To be honestly, what happened next is more interesting than the outage itself.
Founder Peter Steinberger posted a candid, no-BS retrospective on May 5th. Two bad releases (2026.4.24 and 2026.4.29) caused real pain: Gateway slowdown, broken plugin dependency loops, messed-up Discord/Telegram/WhatsApp channels.
But he didn't stop at "sorry." He named the root causes.
3️⃣Three structural problems he identified:
🔴 **Bloated core** — too much living inside the Gateway, tight coupling everywhere
🔴 **Unclear plugin boundaries** — dependencies got tangled in ways that were hard to debug and harder to fix
🔴 **Npm supply chain risk** — a problem the whole JS ecosystem knows intimately but rarely addresses head-on
These aren't random bugs. They're architectural debt. And naming them publicly takes guts.
The fix isn't just patches — it's restructuring.
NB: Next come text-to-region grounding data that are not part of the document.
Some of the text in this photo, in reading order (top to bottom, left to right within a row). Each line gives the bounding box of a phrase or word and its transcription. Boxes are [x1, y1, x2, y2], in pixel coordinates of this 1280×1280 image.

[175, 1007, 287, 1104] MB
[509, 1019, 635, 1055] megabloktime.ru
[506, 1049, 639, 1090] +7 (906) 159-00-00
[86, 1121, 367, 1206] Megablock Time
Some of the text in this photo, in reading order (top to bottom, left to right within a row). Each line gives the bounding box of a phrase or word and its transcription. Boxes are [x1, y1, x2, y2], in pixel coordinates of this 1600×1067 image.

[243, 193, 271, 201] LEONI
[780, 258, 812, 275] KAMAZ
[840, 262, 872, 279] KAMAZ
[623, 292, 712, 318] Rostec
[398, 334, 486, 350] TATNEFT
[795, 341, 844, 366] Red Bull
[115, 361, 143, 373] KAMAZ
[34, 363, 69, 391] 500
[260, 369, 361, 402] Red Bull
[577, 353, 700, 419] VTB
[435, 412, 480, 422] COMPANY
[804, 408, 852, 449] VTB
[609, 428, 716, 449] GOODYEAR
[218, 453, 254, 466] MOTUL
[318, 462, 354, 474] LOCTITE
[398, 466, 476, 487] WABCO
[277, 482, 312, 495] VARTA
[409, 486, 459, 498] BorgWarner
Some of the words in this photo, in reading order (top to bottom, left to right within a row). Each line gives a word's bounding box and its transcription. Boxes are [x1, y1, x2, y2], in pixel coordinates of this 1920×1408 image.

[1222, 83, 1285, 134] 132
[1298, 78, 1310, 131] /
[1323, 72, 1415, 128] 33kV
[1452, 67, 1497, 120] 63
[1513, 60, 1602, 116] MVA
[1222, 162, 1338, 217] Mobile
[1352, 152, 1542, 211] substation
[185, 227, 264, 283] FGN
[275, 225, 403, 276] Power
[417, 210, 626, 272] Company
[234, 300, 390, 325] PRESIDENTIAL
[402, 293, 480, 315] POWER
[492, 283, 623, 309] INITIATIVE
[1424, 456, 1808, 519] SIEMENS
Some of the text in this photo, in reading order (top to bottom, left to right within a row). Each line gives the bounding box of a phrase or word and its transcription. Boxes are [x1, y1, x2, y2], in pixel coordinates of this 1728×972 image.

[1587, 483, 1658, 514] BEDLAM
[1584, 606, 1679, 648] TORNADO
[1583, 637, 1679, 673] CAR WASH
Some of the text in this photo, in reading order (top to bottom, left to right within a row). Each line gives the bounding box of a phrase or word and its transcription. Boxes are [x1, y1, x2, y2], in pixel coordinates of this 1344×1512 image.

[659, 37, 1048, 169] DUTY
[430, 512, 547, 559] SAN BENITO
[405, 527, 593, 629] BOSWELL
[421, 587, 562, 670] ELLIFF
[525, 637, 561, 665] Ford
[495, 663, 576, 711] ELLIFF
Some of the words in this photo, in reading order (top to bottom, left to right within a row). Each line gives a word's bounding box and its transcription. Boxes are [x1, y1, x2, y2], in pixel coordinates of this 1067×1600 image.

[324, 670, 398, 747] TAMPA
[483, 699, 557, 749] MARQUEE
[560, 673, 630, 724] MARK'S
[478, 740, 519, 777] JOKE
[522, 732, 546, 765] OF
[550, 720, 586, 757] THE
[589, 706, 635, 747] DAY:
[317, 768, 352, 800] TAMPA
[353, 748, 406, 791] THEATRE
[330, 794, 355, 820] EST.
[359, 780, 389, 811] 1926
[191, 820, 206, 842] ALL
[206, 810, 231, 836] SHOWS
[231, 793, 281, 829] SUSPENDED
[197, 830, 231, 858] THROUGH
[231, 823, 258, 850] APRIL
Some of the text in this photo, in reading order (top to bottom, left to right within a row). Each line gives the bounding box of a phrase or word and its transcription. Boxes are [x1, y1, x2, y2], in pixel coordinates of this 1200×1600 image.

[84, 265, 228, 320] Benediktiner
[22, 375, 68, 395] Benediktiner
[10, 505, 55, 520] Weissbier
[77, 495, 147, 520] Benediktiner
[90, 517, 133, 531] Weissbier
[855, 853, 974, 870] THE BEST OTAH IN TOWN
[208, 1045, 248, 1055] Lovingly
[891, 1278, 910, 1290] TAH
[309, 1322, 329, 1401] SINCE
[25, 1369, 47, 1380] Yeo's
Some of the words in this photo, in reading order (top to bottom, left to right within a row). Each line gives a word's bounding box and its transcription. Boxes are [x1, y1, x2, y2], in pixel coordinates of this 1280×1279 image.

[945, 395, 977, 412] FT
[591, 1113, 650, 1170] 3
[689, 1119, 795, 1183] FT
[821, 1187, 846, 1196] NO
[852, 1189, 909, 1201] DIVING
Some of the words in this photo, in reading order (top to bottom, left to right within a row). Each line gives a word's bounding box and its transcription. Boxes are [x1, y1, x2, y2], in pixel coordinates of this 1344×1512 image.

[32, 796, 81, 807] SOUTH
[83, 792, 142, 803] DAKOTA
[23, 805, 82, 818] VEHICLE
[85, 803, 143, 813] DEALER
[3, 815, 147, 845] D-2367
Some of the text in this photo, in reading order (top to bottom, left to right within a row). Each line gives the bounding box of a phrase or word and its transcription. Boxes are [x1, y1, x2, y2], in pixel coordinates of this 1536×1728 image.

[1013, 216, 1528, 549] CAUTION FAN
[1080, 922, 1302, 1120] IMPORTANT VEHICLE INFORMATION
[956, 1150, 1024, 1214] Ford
The team is moving functionality out of the core and onto **ClawHub**, with an **LTS announcement coming at the end of May**.
This is the right call. Extraction is harder than patching, but it's how you build for the long haul.
For founders and OSS maintainers: this is a masterclass in accountability. You can ship fast, or you can ship clean — but when you break things, owning it like this is how trust gets rebuilt.